Architect: Python + uv Take-Home

Use this skill for short, time-boxed Python projects such as take-home assignments, experiments, and proof-of-concepts. This skill is intentionally lighter than the production architect skills:

no Docker unless the user explicitly asks for it
no CI scaffolding unless the user explicitly asks for it
no review gate, observability, or deployment requirements by default
prefer direct CLI workflows and simple local validation

Use this when the prompt already defines the expected output shape, for example a solution/ directory with specific subfolders and artifacts.

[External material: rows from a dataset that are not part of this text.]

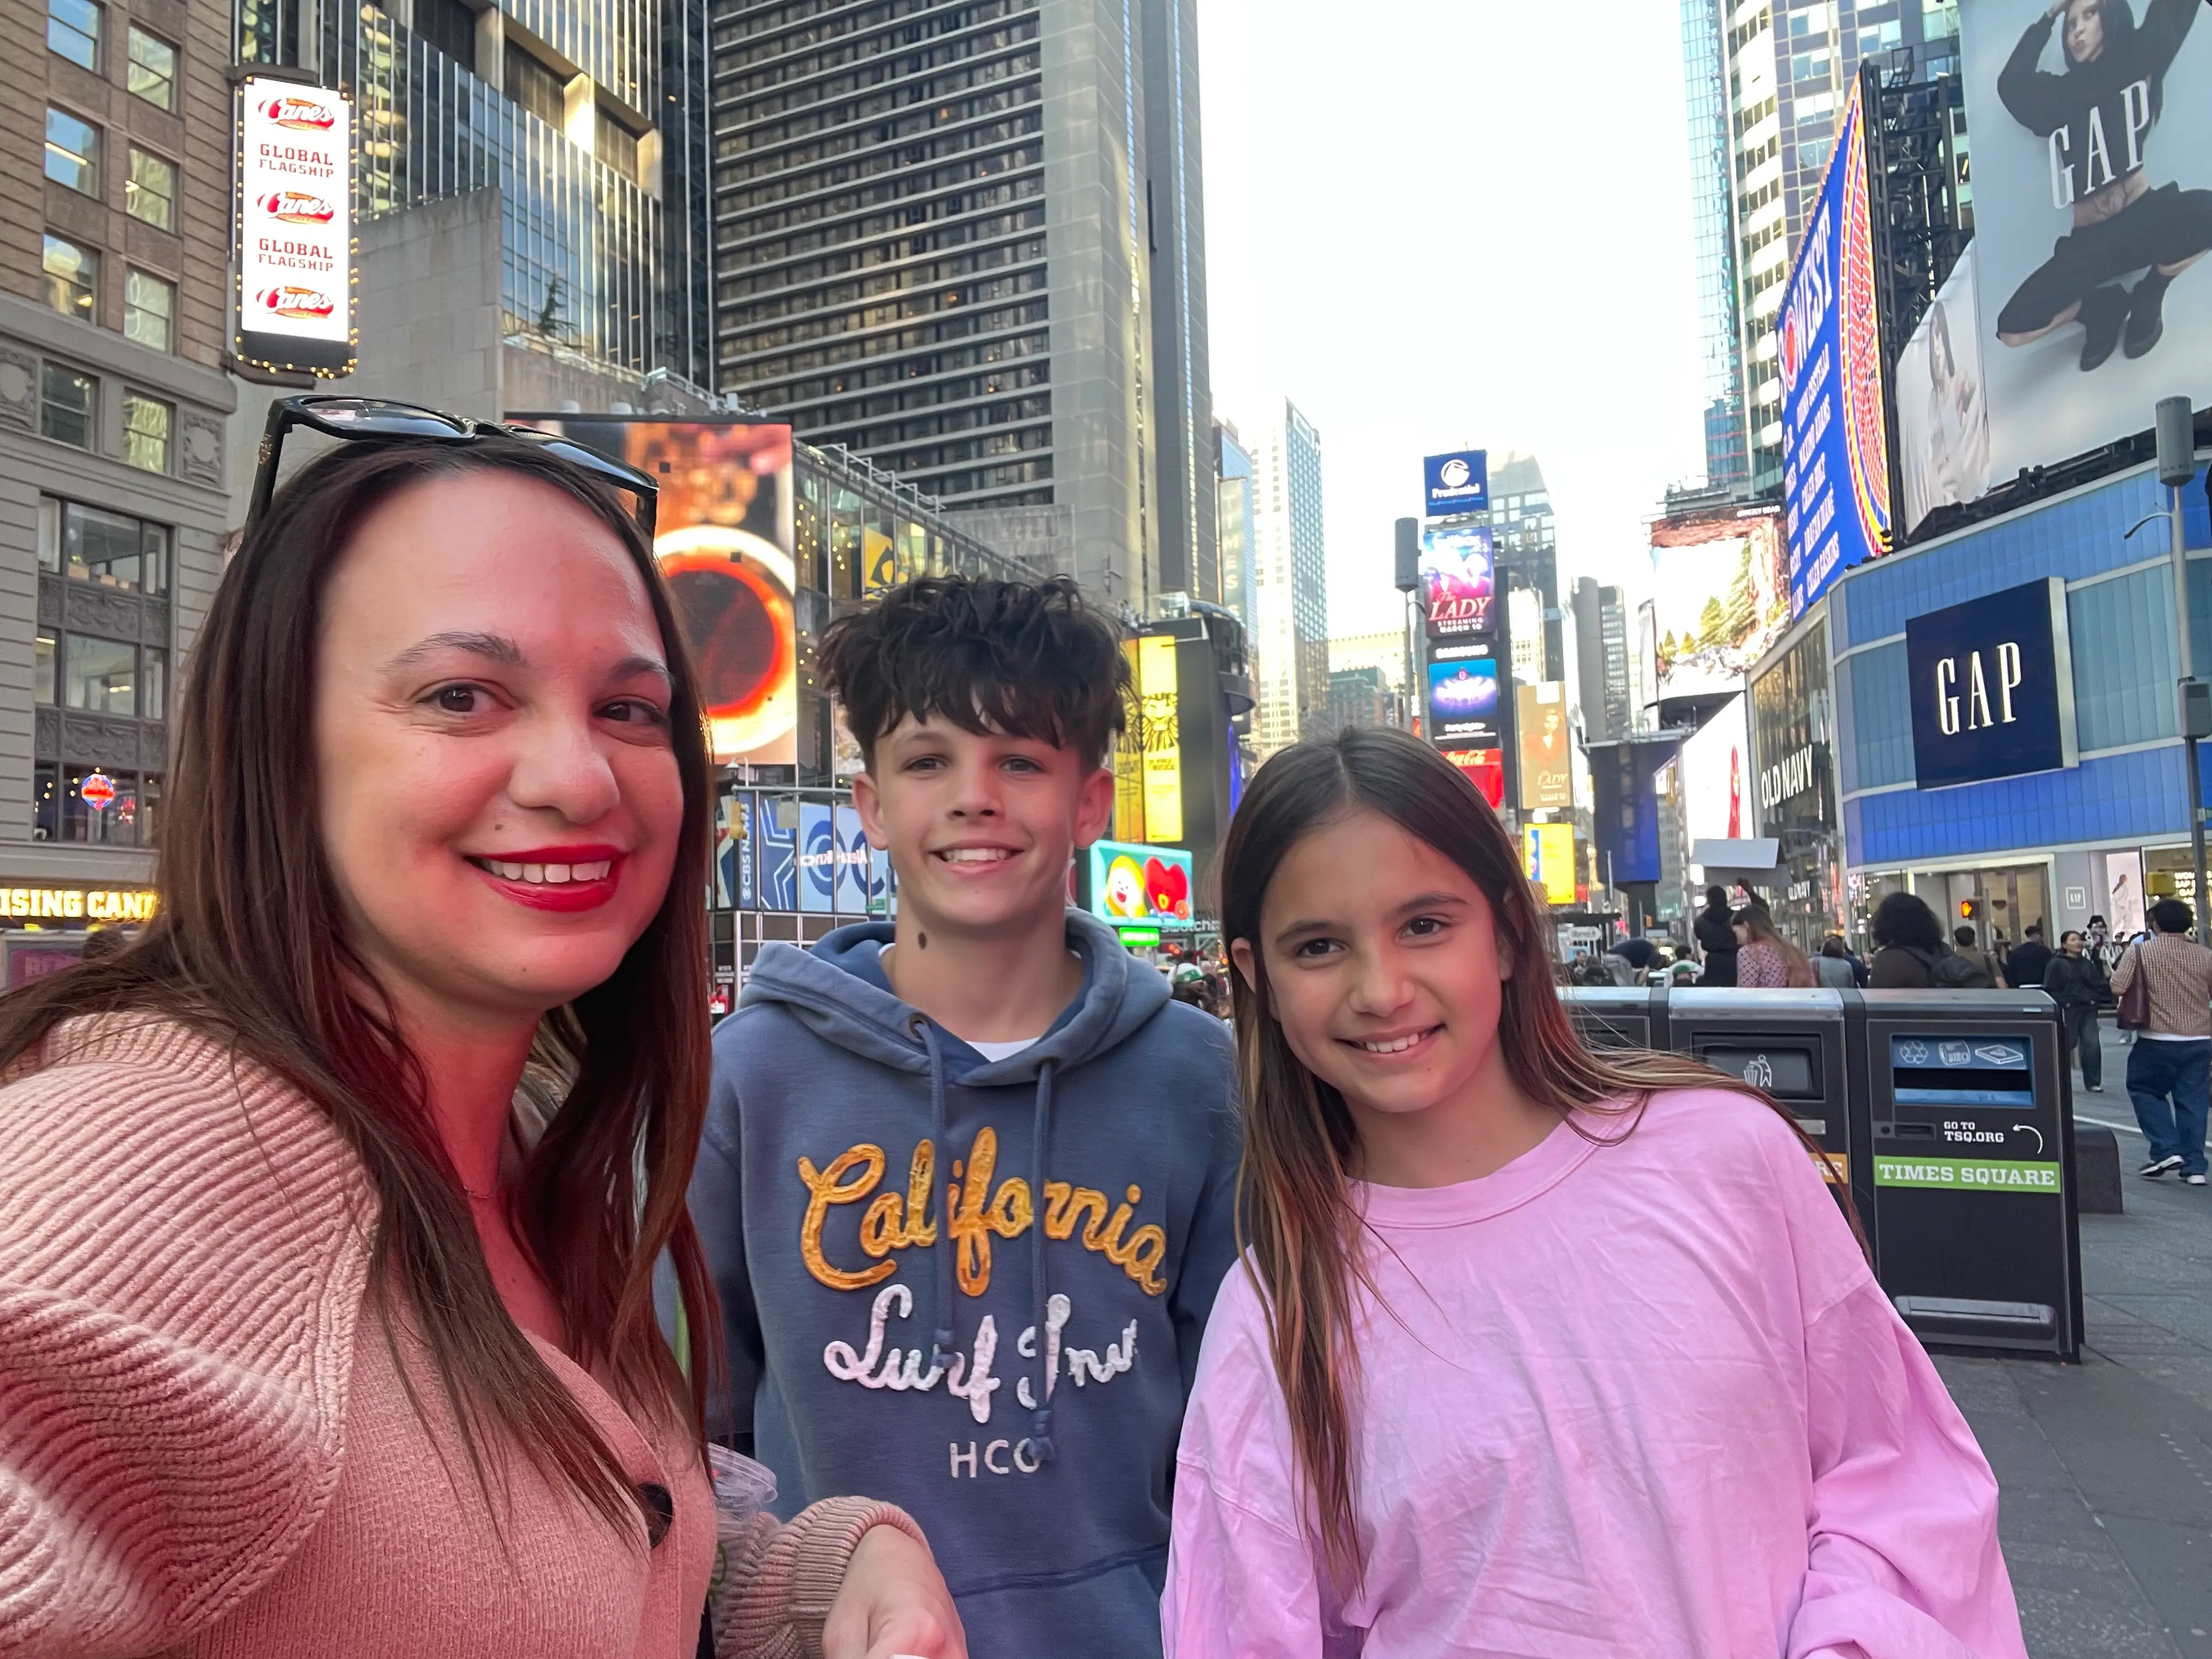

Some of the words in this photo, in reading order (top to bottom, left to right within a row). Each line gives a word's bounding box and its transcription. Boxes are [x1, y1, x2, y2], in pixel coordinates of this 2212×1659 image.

[260, 144, 333, 166] GLOBAL
[2049, 80, 2149, 209] GAP
[259, 159, 334, 178] FLAGSHIP
[259, 238, 332, 259] GLOBAL
[258, 253, 333, 272] FLAGSHIP
[1428, 596, 1492, 621] LADY
[1437, 617, 1485, 627] STREAMING
[1440, 624, 1470, 633] MARCH
[1937, 642, 2022, 735] GAP
[1761, 765, 1781, 809] OLD
[1782, 744, 1813, 800] NAVY
[742, 854, 751, 886] CBS
[2070, 893, 2081, 902] GAP
[1944, 1121, 1958, 1130] GO
[1961, 1121, 1975, 1130] TO
[1944, 1131, 2004, 1143] TSQ.ORG
[1879, 1164, 1954, 1182] TIMES
[1961, 1167, 2055, 1186] SQUARE
[797, 1126, 1168, 1297] California
[823, 1283, 1001, 1424] Surf
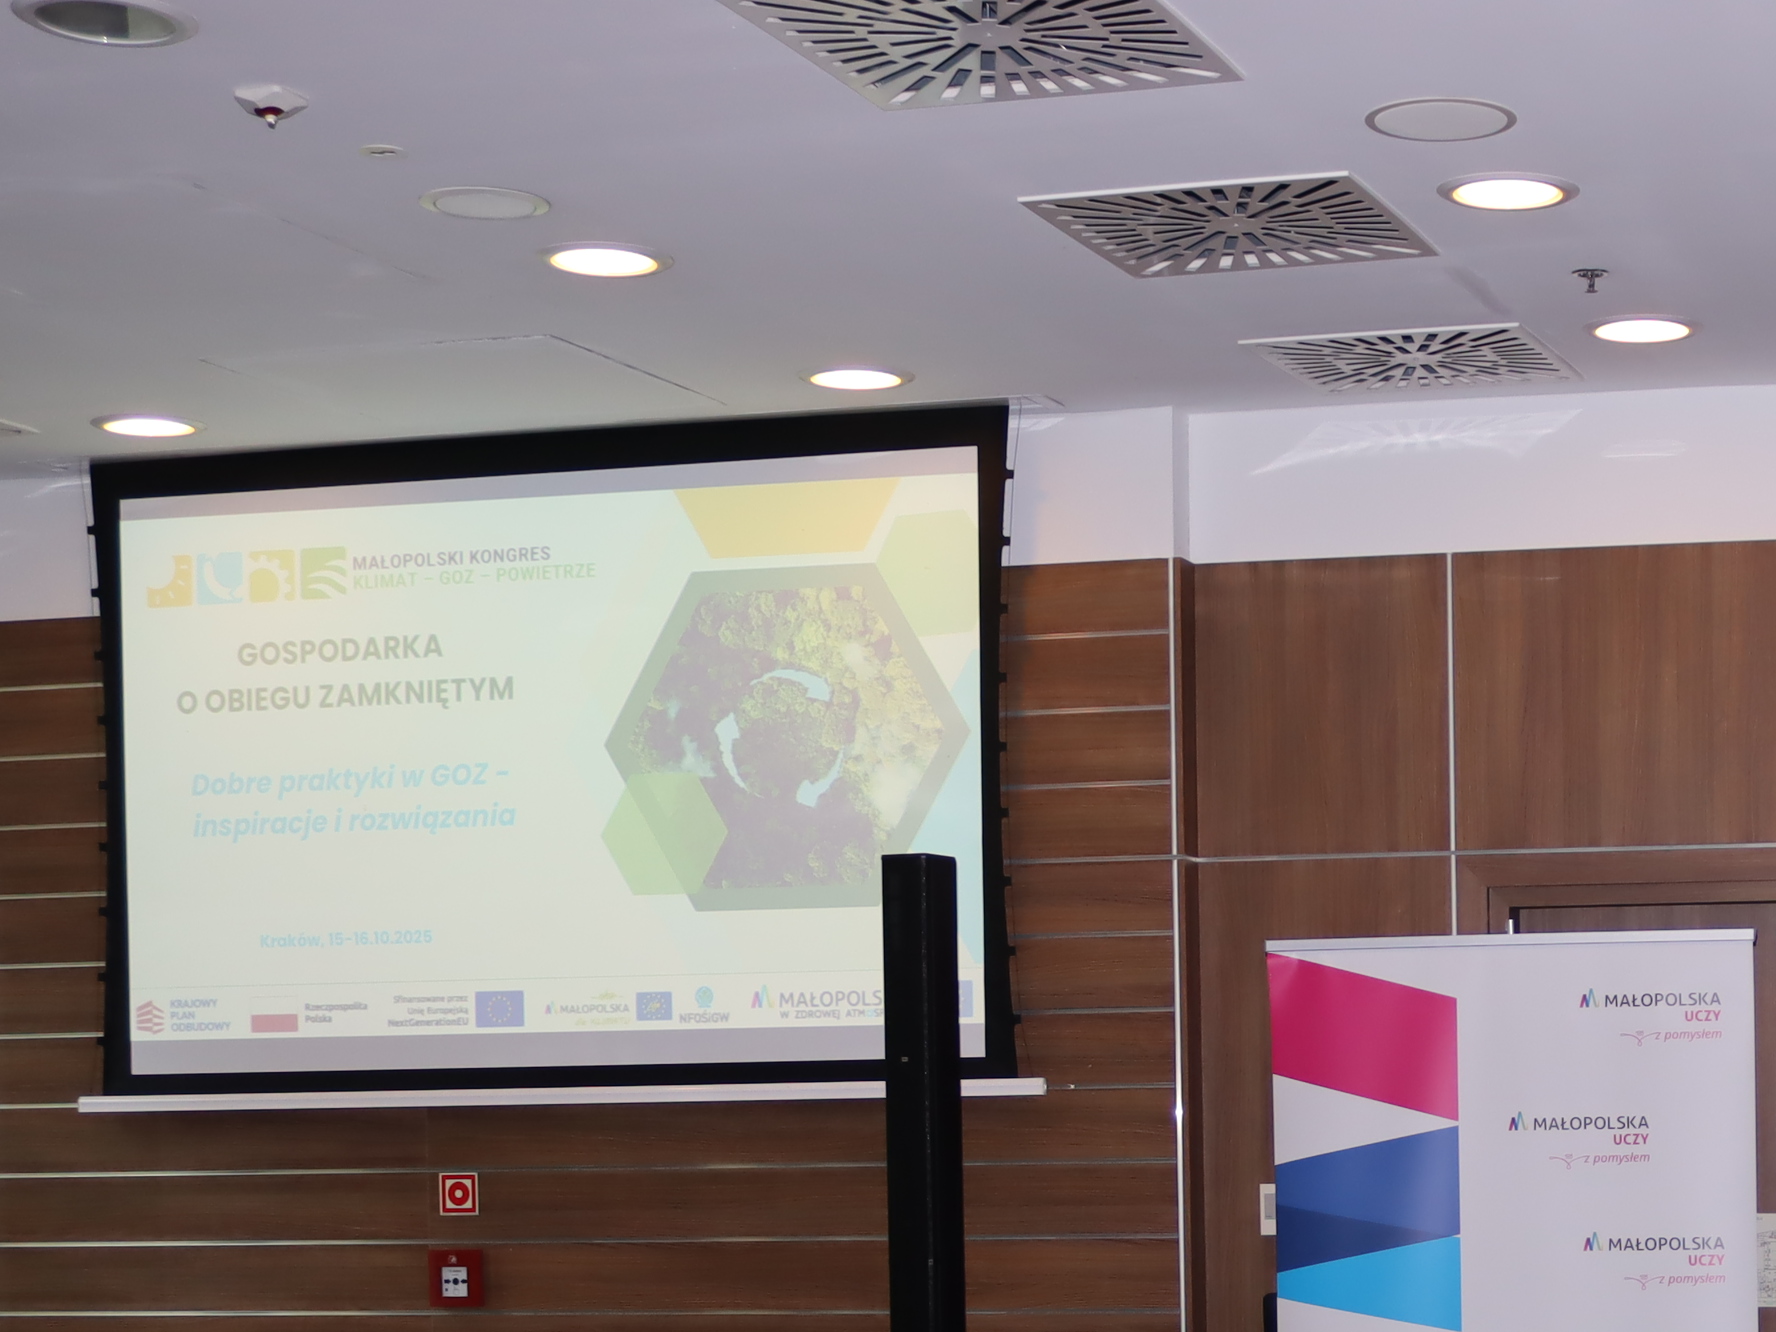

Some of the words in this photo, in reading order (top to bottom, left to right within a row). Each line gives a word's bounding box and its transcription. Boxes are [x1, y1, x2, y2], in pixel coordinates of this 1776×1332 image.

This skill is optimized for reviewer speed:

make the project easy to run in one pass
keep dependencies low and familiar
show correctness with deterministic checks
use LLMs only where they add clear value

This skill is scaffolding, not the core solution. Use it to reduce setup time and standardize the workflow, but keep the assignment-specific reasoning, parsing rules, and validation logic clearly visible in the project itself.

Inputs

Collect these values:

PROJECT_ROOT: default solution
PROJECT_NAME: human-readable project name
MODULE_NAME: snake_case Python package name
CLI_NAME: command name for uv run ...
PYTHON_VERSION: default 3.12
USE_LLM: yes or no
LLM_STYLE: direct-sdk | langchain (default direct-sdk)
HAS_FIXED_OUTPUT_SHAPE: yes or no
OUTPUT_ARTIFACTS: required files the prompt expects

Selection Rules

If the user needs a quick CLI or offline data-processing submission, use this skill instead of architect-python-uv-batch.
If the prompt defines a specific deliverable layout, preserve that layout exactly.
If the task is evaluation-heavy, keep checks local and deterministic before adding any LLM-based review.
If the assignment includes both "generate output" and "explain differences," split those into deterministic generation plus a separate reporting layer.
If the user needs a web API, database, Docker-first runtime, or CI pipeline, use a heavier architect skill instead.

Scaffold Workflow

Create a lightweight Python project with uv.
Match the prompt's required directory layout exactly.
Add only the dependencies needed to complete the assignment.
Build direct CLI entrypoints for the required tasks.
Produce output artifacts in the expected paths.
Add a minimal smoke test and deterministic validation path.
Make the happy path runnable in two commands or fewer.
Keep the generated scaffolding subordinate to the assignment-specific logic.

Default Project Shape

When the prompt specifies a solution/ directory, use:

solution/
  README.md
  pyproject.toml
  requirements.txt
  src/
    {{MODULE_NAME}}/
      extractor/
      agent/
      models/
      utils/
      cli.py
  tests/
  output/

If the prompt explicitly requires a different structure such as solution/src/extractor, follow the prompt instead of this default package layout.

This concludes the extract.